My home backup system

After having spent the last five years feeling guilty, I now, finally, have my laptop backing up the data I care about to another machine on my network. Here’s how I did it. This is a relatively long and complicated process, but it means that it all happens automatically and by magic, and I don’t ever have to interact with it, which is what I want. The first component I needed was some backup space: a machine on my network that I could send the backups to. I did look at online backup space (Amazon’s S3 and similar) like all the cool kids, but I just can’t get on with it, and I resent paying because I’m a cheapskate. So, it was to be a box on my network. Now, there are useful NAS machines around, which just get plugged in and automatically export their disc space (normally as a Windows share, with Samba), and I looked at those too (there’s the Terastation, etc, etc). However, I needed an always-on server for another purpose anyway, so I decided to go with a real machine.
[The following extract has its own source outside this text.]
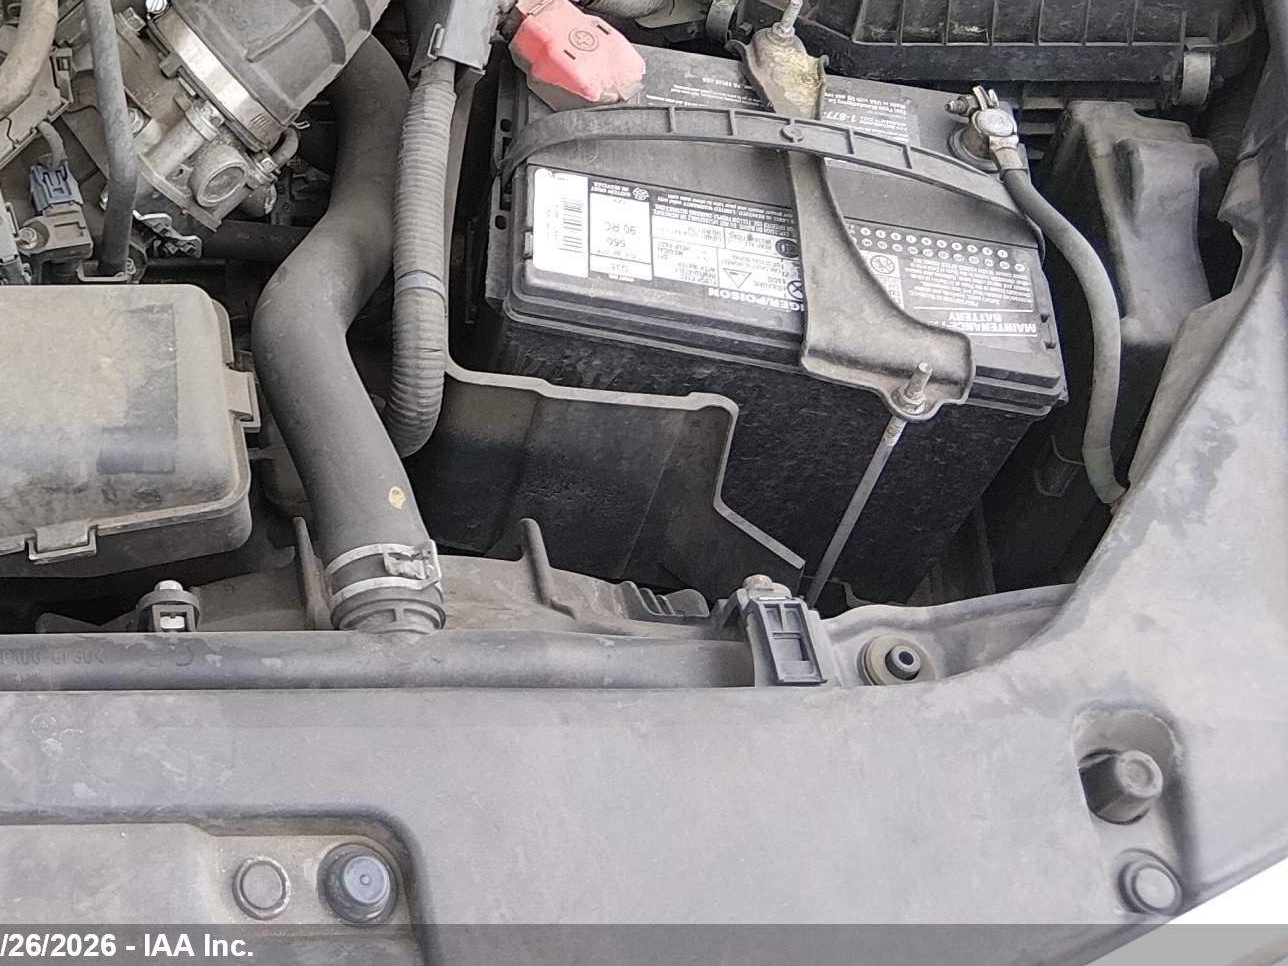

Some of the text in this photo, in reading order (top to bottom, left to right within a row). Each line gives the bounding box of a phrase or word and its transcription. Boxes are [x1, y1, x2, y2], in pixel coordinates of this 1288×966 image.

A machine cobbled together out of the Big Box Of Machine Bits, of course.

Setting up the server

It’s got two disc drives in it, and I divided the first disc into two partitions, one with 1GB and the other with all the rest. Install Ubuntu Linux 6.10 Edgy, server edition, on the 1GB partition. (I actually installed dapper and then upgraded it to edgy, for that bleeding edge greatness; at this writing, edgy is only at RC stage.) After that, we want to take all the remaining space on the machine (one big partition on disc 1, and all of disc 2) and make them one big block of disc space; this is what LVM, the Linux Volume Manager, is for. Note that all this stuff can be done with proper GUI tools, but I don’t have a GUI on this machine because it’s a server and I’m trying to converse disc space. This bit’s also from memory, so be very careful and don’t just slavishly follow it.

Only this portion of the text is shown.